Description of the task:
Reproduce every entry below exactly, minus the pictures.

Records shown:

- Opening Delimiter -

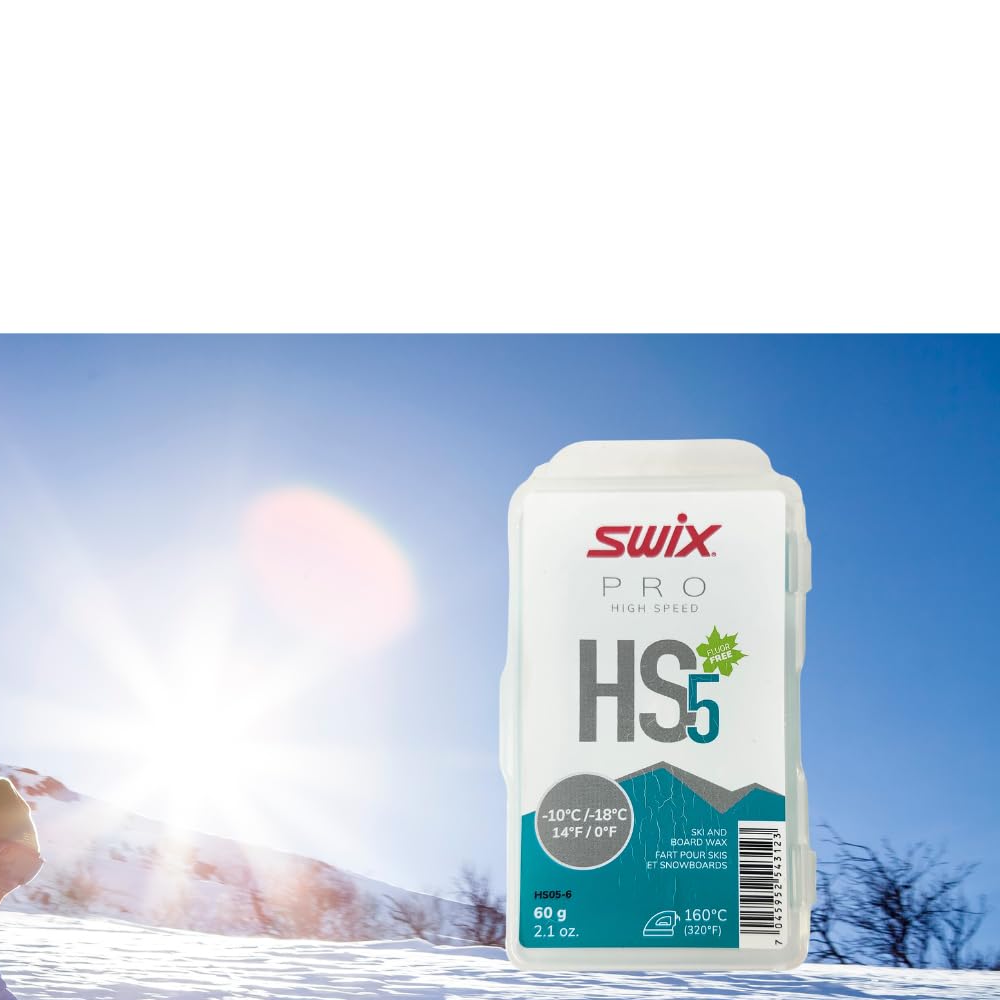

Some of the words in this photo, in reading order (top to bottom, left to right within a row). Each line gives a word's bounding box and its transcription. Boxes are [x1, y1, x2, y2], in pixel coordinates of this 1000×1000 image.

[602, 576, 706, 597] PRO
[611, 603, 646, 613] HIGH
[654, 603, 699, 613] SPEED
[707, 643, 731, 657] FLUOR
[710, 650, 733, 664] FREE
[691, 828, 705, 836] SKI
[707, 828, 727, 836] AND
[670, 838, 703, 846] BOARD
[706, 838, 727, 846] WAX
[655, 851, 677, 859] FART
[680, 851, 705, 859] POUR
[708, 851, 727, 859] SKIS
[647, 861, 657, 869] ET
[660, 861, 727, 869] SNOWBOARDS
[534, 890, 572, 899] HS05-6
[533, 906, 553, 919] 60
[556, 909, 567, 922] g
[685, 908, 727, 922] 160°C
[533, 925, 555, 938] 2.1
[559, 927, 579, 938] oz.
[684, 925, 722, 937] (320°F)

- Closing Delimiter -

Written reply:
Some of the words in this photo, in reading order (top to bottom, left to right within a row). Each line gives a word's bounding box and its transcription. Boxes are [x1, y1, x2, y2], in pixel coordinates of this 1000×1000 image.

[602, 576, 706, 597] PRO
[611, 603, 646, 613] HIGH
[654, 603, 699, 613] SPEED
[707, 643, 731, 657] FLUOR
[710, 650, 733, 664] FREE
[691, 828, 705, 836] SKI
[707, 828, 727, 836] AND
[670, 838, 703, 846] BOARD
[706, 838, 727, 846] WAX
[655, 851, 677, 859] FART
[680, 851, 705, 859] POUR
[708, 851, 727, 859] SKIS
[647, 861, 657, 869] ET
[660, 861, 727, 869] SNOWBOARDS
[534, 890, 572, 899] HS05-6
[533, 906, 553, 919] 60
[556, 909, 567, 922] g
[685, 908, 727, 922] 160°C
[533, 925, 555, 938] 2.1
[559, 927, 579, 938] oz.
[684, 925, 722, 937] (320°F)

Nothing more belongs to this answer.